But what if you want to donate to Wikipedia... only you don't have a credit card, you wouldn't piss on PayPal if it was on fire and Jimmy Wales has apparently never heard of cash drafts, international money orders or even plain old postal orders?
http://donhall.blogspot.com/2010/07/new-fundraisingadvertising-model.html Jeffe Otte, begging maintains dignity and is infinitely cooler than selling out your principles. It's called laziness when you don't want to fundraise yourself. Our society is forgetting the human aspect of a public cause. Administrative work can be outsourced, but what is lost is integrity and neutrality of the organization. Moderators may have biases, but no organization should have a dominating influence on an encyclopedia, the largest repository of knowledge in existence. The above link shows why a bunch of theatre companies in Chicago would rather say great things about a bank they know very little of by having their logo on their Facebook page for a measly $20,000 award to the theatre group with the most votes. Instead of theatre groups asking for donations themselves, it became about Chase bank at every theatre group in Chicago that participated. Suddenly, off-loop theatre seems a lot less soulless. That was one little idea. I'd rather stare at Jimmy Wales's face for an urgent appeal than listen to advertisements abuot how great such and such product is when there's 20 wikipedia entries of better products. Guess which entries would be removed if such an organization bought rights to those pages? Does it happen elsewhere? Certainly Could it happen here? Certainly.

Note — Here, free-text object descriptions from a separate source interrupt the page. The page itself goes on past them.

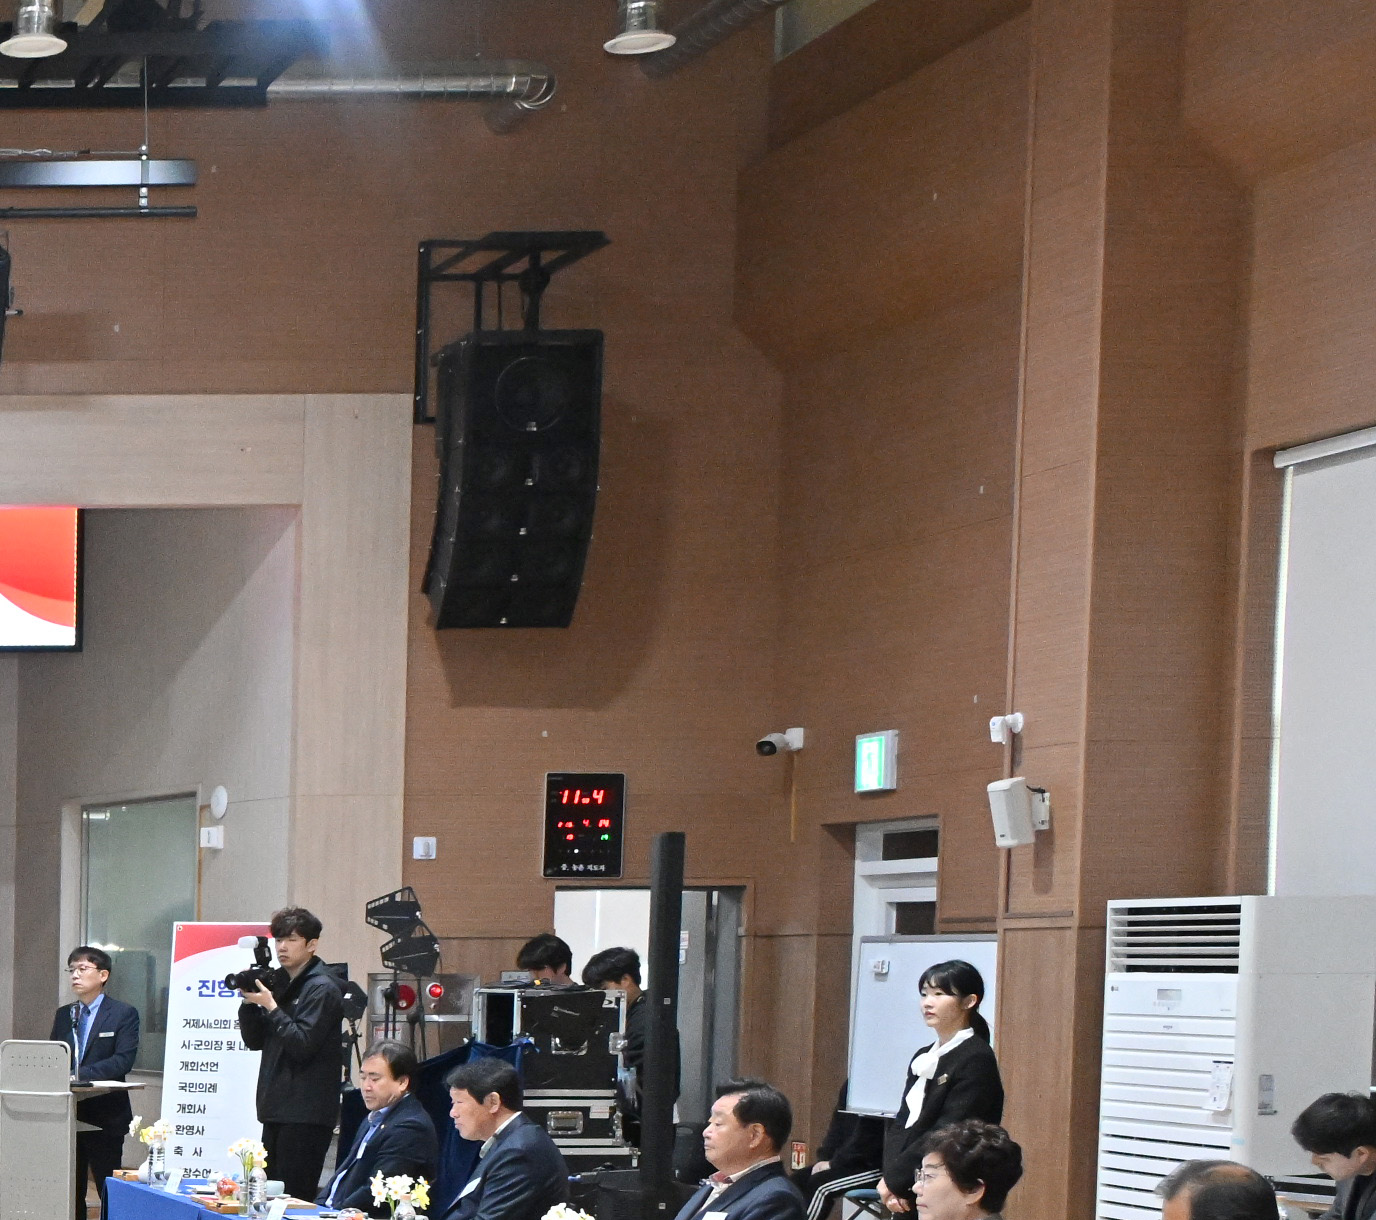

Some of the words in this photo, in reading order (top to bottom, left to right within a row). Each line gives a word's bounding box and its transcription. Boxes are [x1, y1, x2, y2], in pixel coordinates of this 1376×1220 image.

[198, 979, 242, 998] 진행
[226, 1040, 236, 1052] 및
[179, 1060, 219, 1073] 개회선언
[178, 1081, 218, 1094] 국민의례
[176, 1103, 207, 1115] 개회사

humans are by nature, sharing. however, if you force them into a scarcity economy through capitalism, and place them in a place in a dog-eat-dog hierarchy of income, with the futures of their children, their lives 2 months after, their food, their shelter, depending on how much they keep to themselves, then they will have to act selfish. else, they cant get by.

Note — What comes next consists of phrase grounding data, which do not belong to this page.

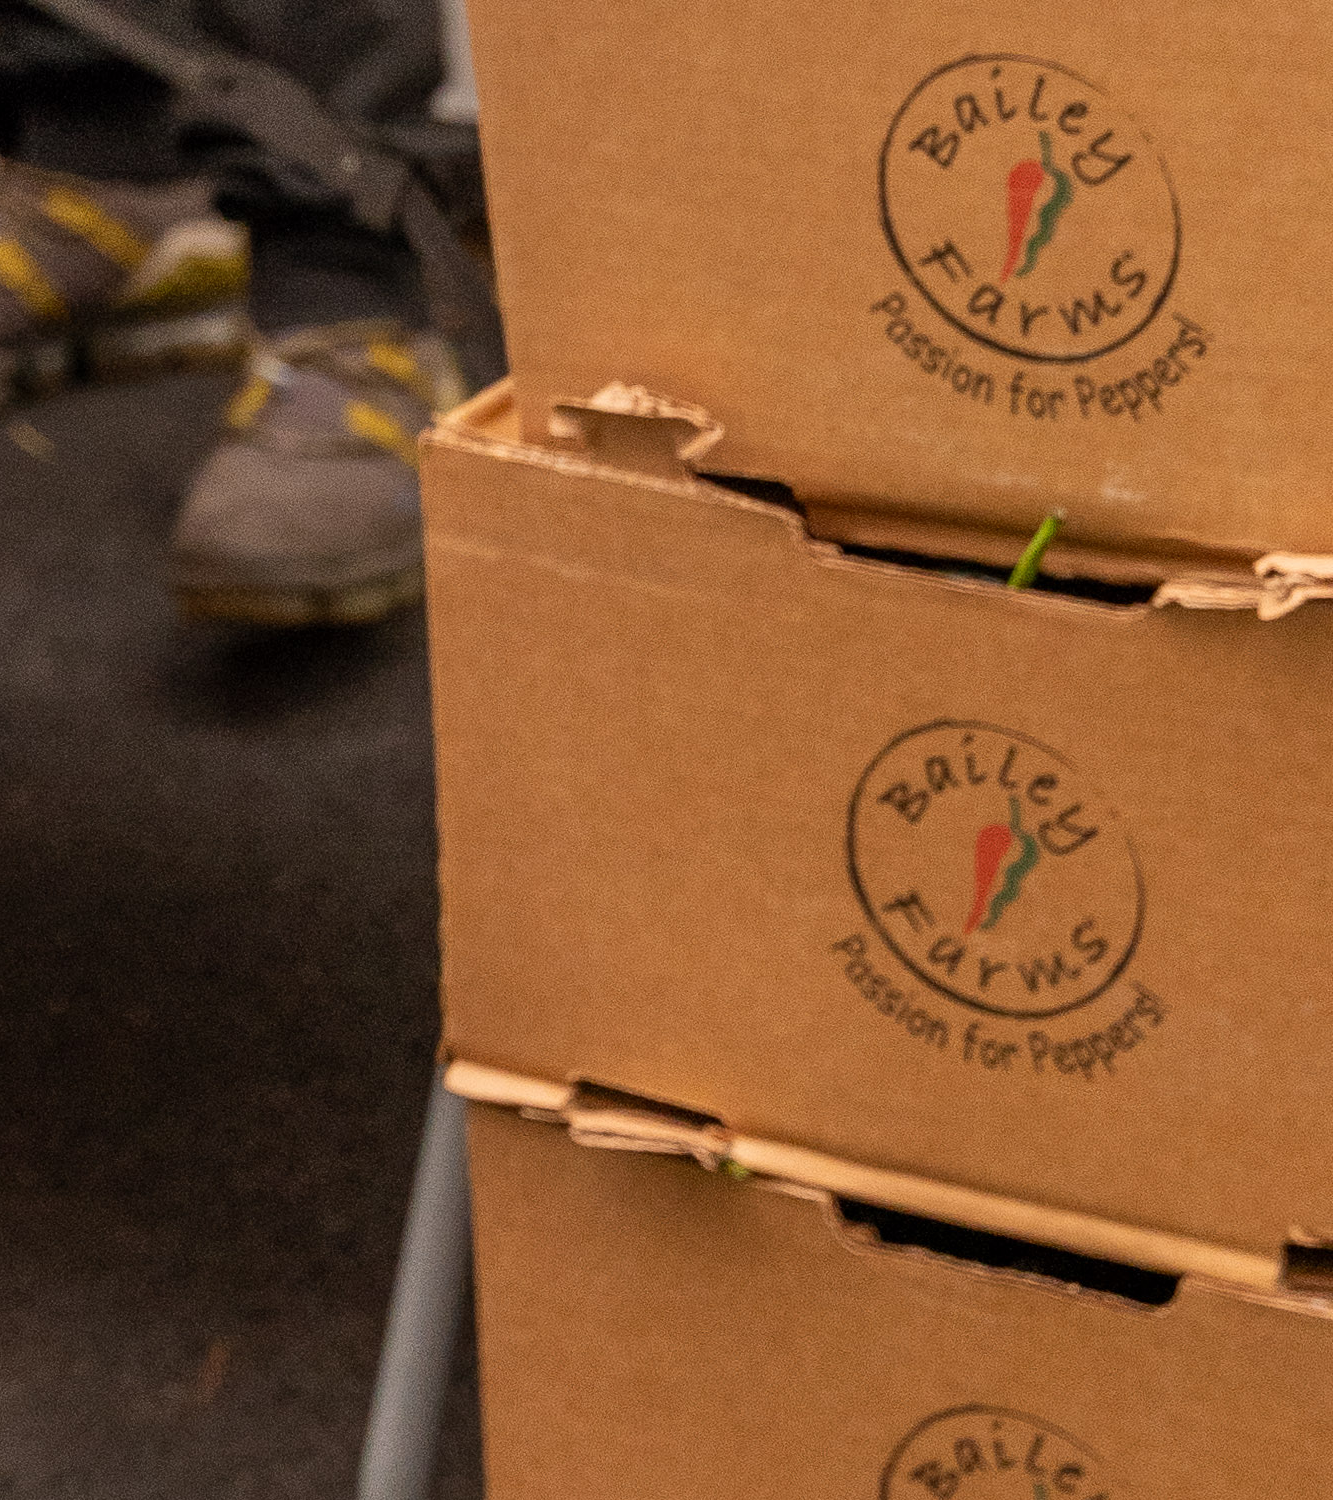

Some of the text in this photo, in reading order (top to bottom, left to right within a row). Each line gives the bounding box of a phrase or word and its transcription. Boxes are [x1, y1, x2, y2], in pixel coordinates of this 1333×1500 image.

[908, 66, 1133, 188] Bailey
[916, 238, 1147, 337] Farms
[870, 290, 996, 406] Passion
[1009, 369, 1066, 420] for
[878, 733, 1100, 857] Bailey
[883, 890, 1109, 993] Farms

its as simple as that. its just like how all people become bellicose and warlike in a situation they are forced to fight for their lives in an arena.
Read radical news here
I love Wikipedia because it's free. I also love Slashdot because it's free.
Why do I pay Slashdot $5 every once in awhile? Because of the cool benefits! I mean, I get a special asterisk, am allowed to see things a few minutes before they're actually posted to the rest of the site, and it just feels cool to donate money to a geeky/techie site. If everyone here donated $5, it would change the face of Slashdot, or something.... I like supporting a community that I believe in.

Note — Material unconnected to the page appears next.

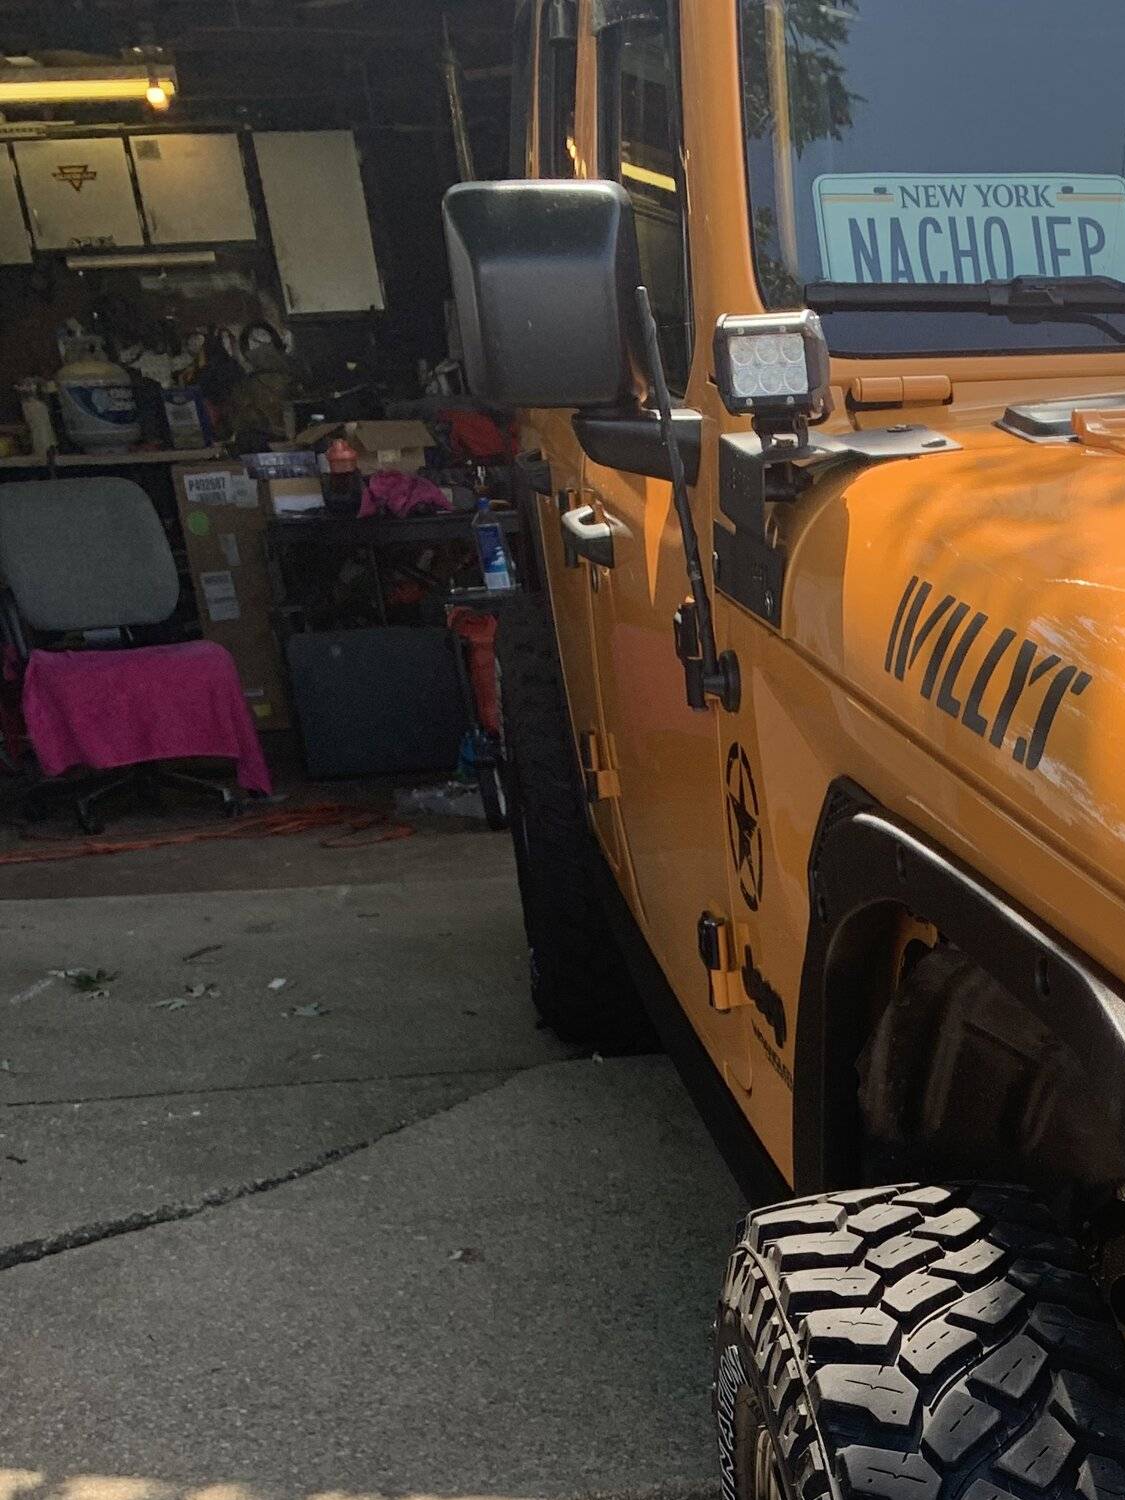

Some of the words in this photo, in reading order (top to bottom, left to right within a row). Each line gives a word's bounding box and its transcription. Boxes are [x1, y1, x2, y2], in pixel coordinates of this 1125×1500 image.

[900, 184, 968, 209] NEW
[973, 183, 1056, 209] YORK
[884, 575, 1093, 771] WILLYS

Why do I not pay Wikipedia anything? Well, I just don't see the benefit. To me, Wikipedia is a community managed product. We're already spending our time keeping things accurate and up-to-date. Why pay to work?
While editing an encyclopedia feels like work, moderating Slashdot actually feels like I'm accomplishing something important. I'm helping other people filter junk, and they are (conversely) doing the same thing. Everyone loves power, but as we know, power corrupts and absolute power corrupts absolutely. So if you give a BUNCH of people a little power, they'll enjoy it, but not really be able to abuse it in any real sense.
If Wikipedia wants my money, they should consider adding cool features like Accomplishments, and making it easier to "moderate" the content. Anyway, more important than all that: Rob Malda is simply more cool than Jimmy Wales. What Mr. Wales needs is a cool name, like CmdrTaco, and then we'll talk. Also, just gut feeling, if I had to choose a guy to fix my computer, or hang out and geek with, it'd be Rob. I wonder if Jimmy is a PC, and Rob is a Mac? Just saying!
"politics" and "bias" aren't, contrary to your presentation, two separate sources of distortion, its two different ways of referring to the personal biases of editors
No. Politics can make one say things they do not believe, things contrary to their bias, or to withhold things they do believe. There is an intersection between politics and personal bias but it is only a partial intersection.
Advertising will have a negative impact on the impartiality of information. [1] [1]http://en.wikipedia.org/wiki/Propaganda_model
Its unclear as to whether letting google or some other third party feed ads is more or less warping than politics or bias.
The question is irrelevant, since adding commercial bias through ad-dependence wouldn't eliminate personal bias unless it also involved eliminating community editing completely. So it doesn't matter if advertising is, on its own, more distorting than the existing sources of distortion, since advertising adds to, rather than replacing, those sources.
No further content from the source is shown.